### Problem to solve
Would you transcribe word for word every line from the one containing "this 1512×1344 image." to the end of the data, both ends included, and leave out the rest?

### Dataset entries
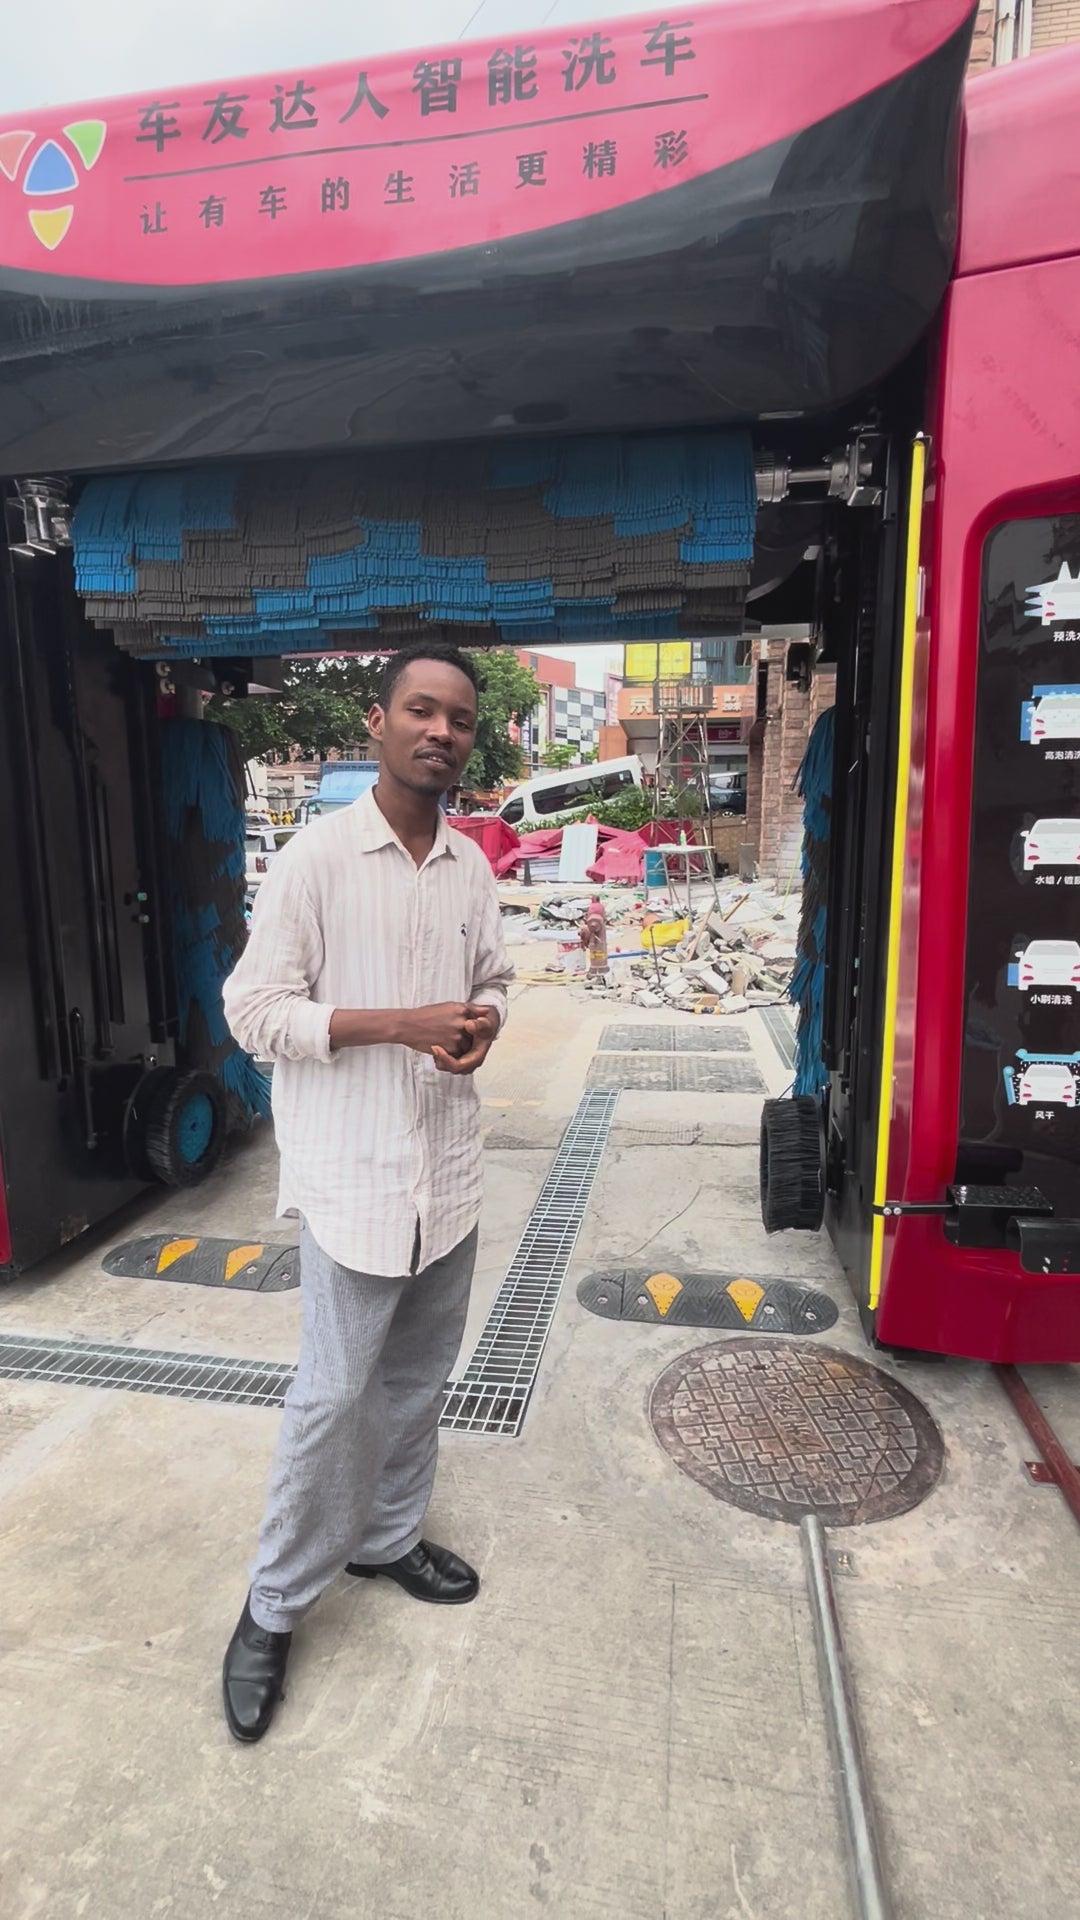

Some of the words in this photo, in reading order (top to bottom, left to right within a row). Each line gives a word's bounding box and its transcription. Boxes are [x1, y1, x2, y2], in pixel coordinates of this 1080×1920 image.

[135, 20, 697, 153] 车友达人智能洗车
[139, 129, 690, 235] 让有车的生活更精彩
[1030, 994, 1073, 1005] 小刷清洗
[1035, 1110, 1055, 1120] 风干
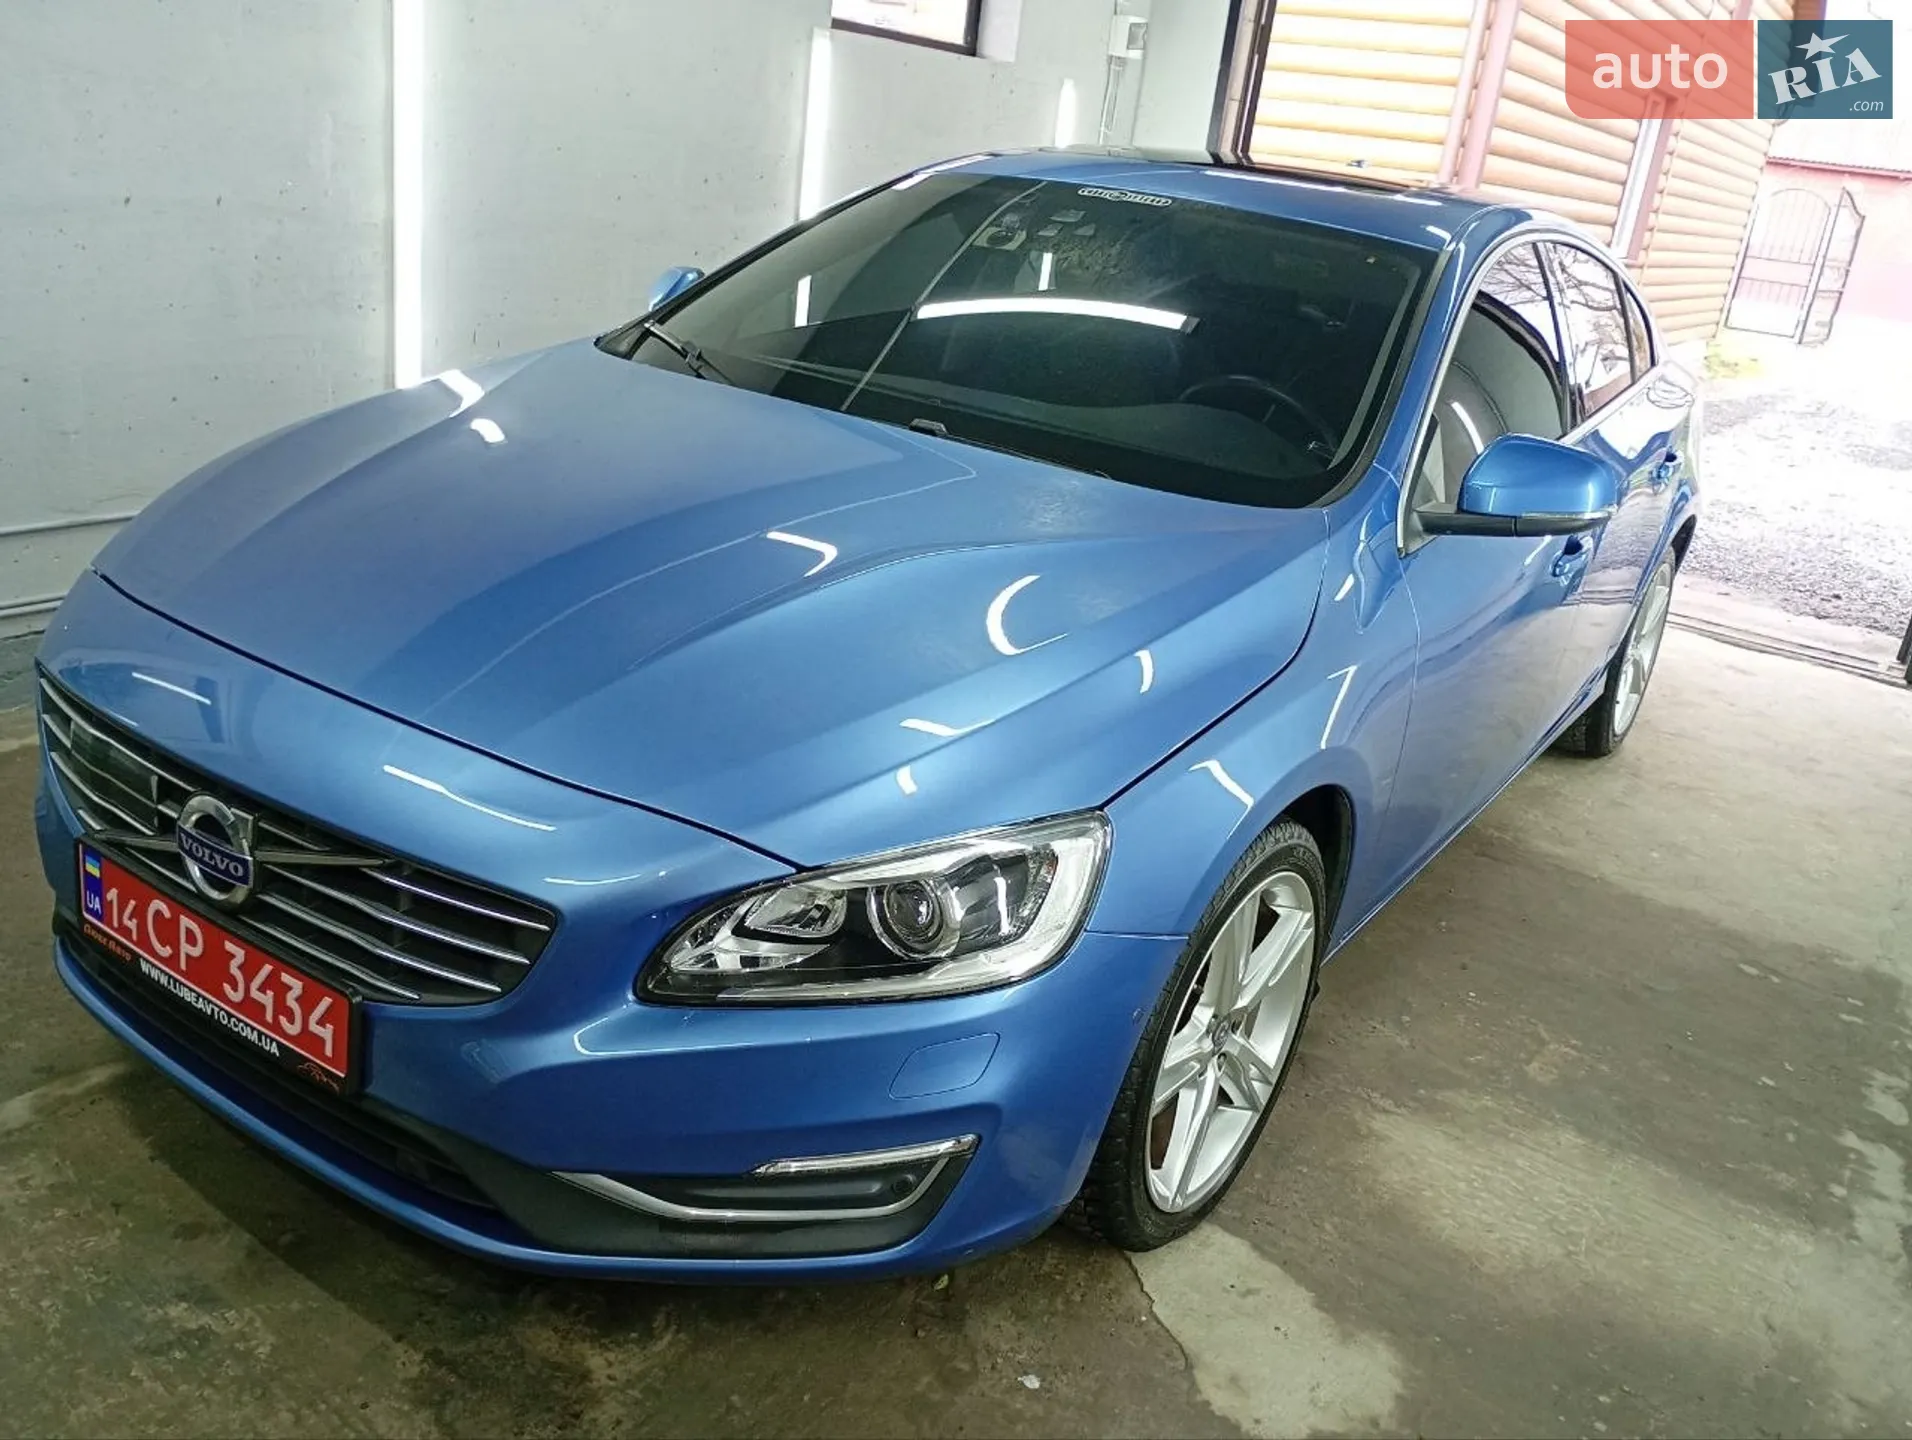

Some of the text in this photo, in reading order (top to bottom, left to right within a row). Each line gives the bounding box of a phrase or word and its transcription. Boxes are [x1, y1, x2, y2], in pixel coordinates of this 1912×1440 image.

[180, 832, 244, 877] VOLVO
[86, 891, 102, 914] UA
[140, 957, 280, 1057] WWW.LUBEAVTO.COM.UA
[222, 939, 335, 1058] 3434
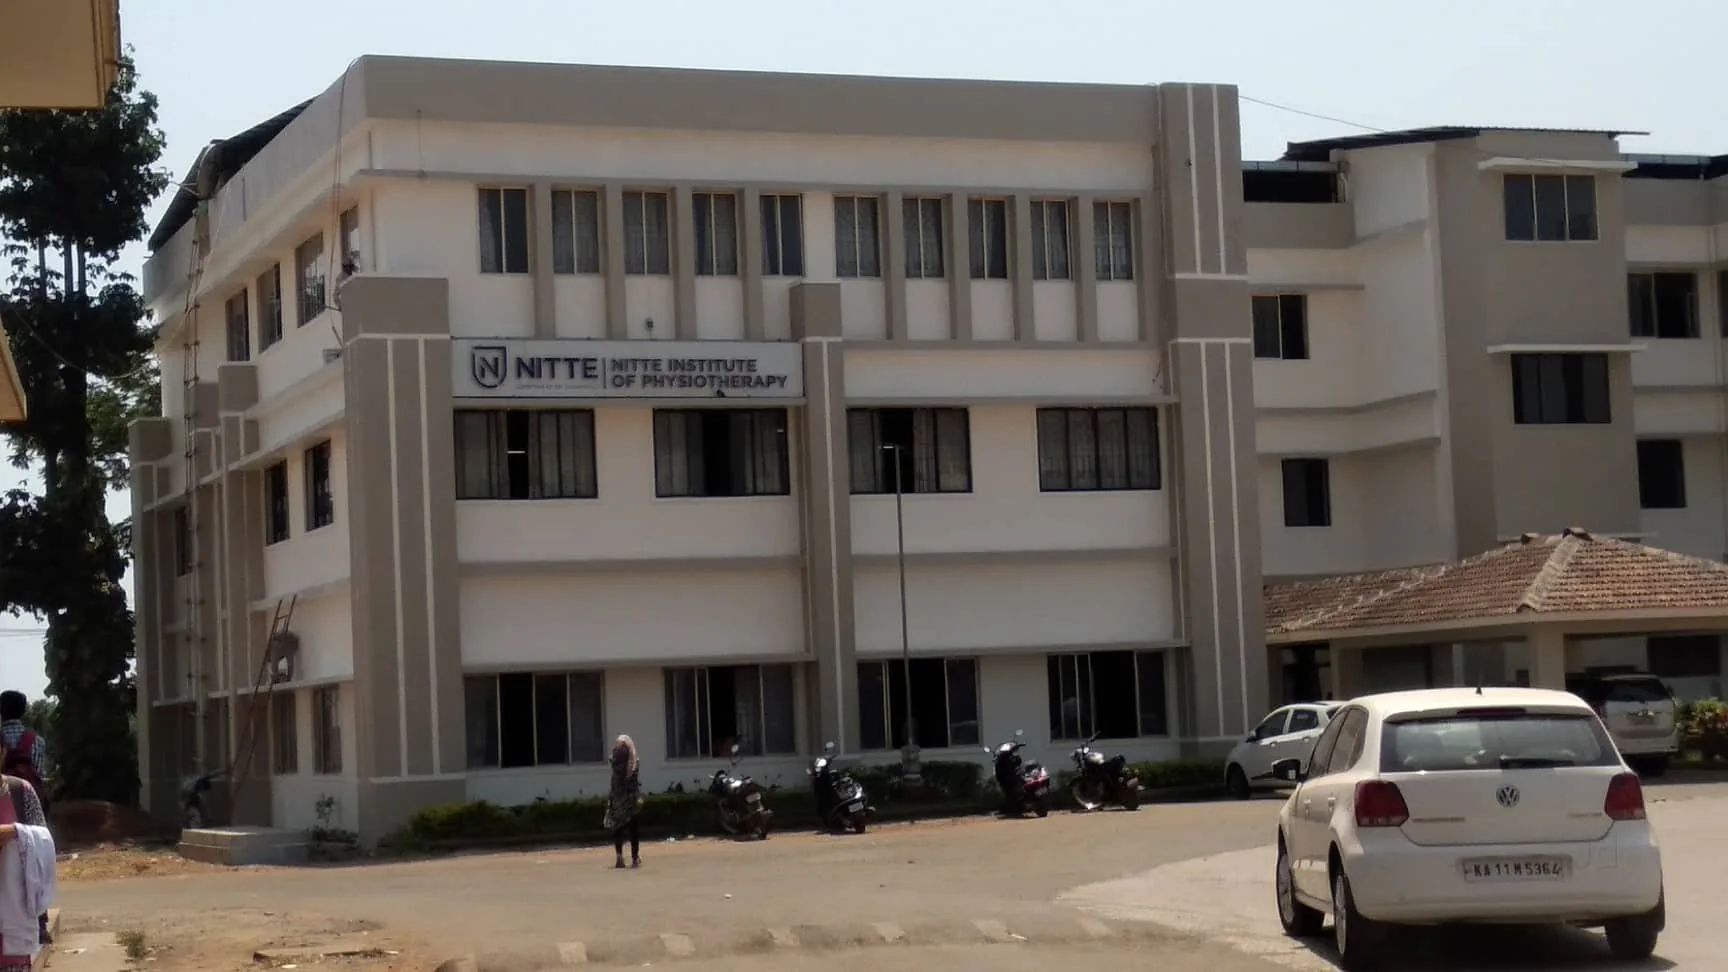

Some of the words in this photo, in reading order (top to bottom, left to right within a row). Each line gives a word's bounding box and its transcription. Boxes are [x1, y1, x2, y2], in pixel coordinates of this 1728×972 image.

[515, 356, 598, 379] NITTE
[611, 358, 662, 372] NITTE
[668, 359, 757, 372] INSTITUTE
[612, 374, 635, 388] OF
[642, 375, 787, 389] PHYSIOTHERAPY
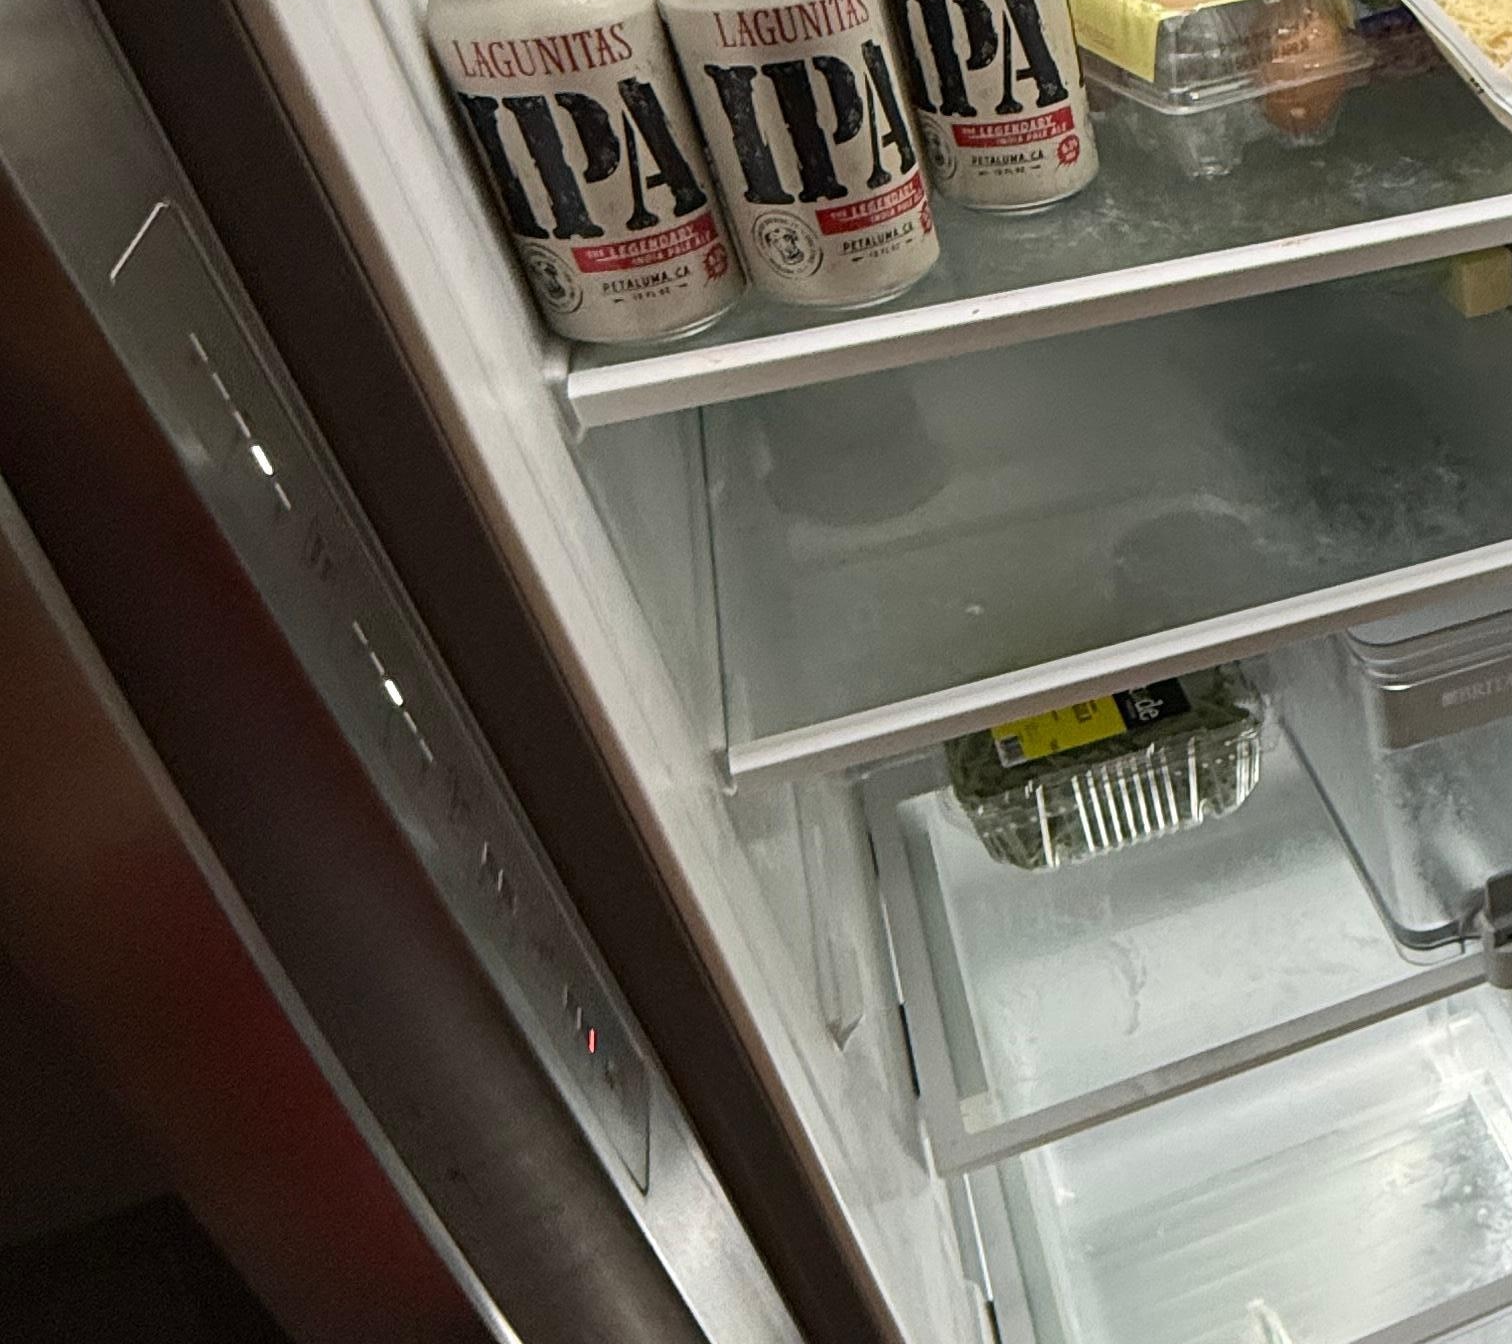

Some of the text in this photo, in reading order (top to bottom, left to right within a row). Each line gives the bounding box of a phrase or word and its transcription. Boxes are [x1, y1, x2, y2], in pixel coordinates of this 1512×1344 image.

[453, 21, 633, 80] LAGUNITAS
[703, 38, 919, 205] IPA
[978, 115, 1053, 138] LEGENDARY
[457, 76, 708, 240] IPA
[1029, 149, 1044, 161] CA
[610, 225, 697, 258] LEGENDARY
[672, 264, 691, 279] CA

### Task solution
Some of the text in this photo, in reading order (top to bottom, left to right within a row). Each line gives the bounding box of a phrase or word and its transcription. Boxes are [x1, y1, x2, y2], in pixel coordinates of this 1512×1344 image.

[453, 21, 633, 80] LAGUNITAS
[703, 38, 919, 205] IPA
[978, 115, 1053, 138] LEGENDARY
[457, 76, 708, 240] IPA
[1029, 149, 1044, 161] CA
[610, 225, 697, 258] LEGENDARY
[672, 264, 691, 279] CA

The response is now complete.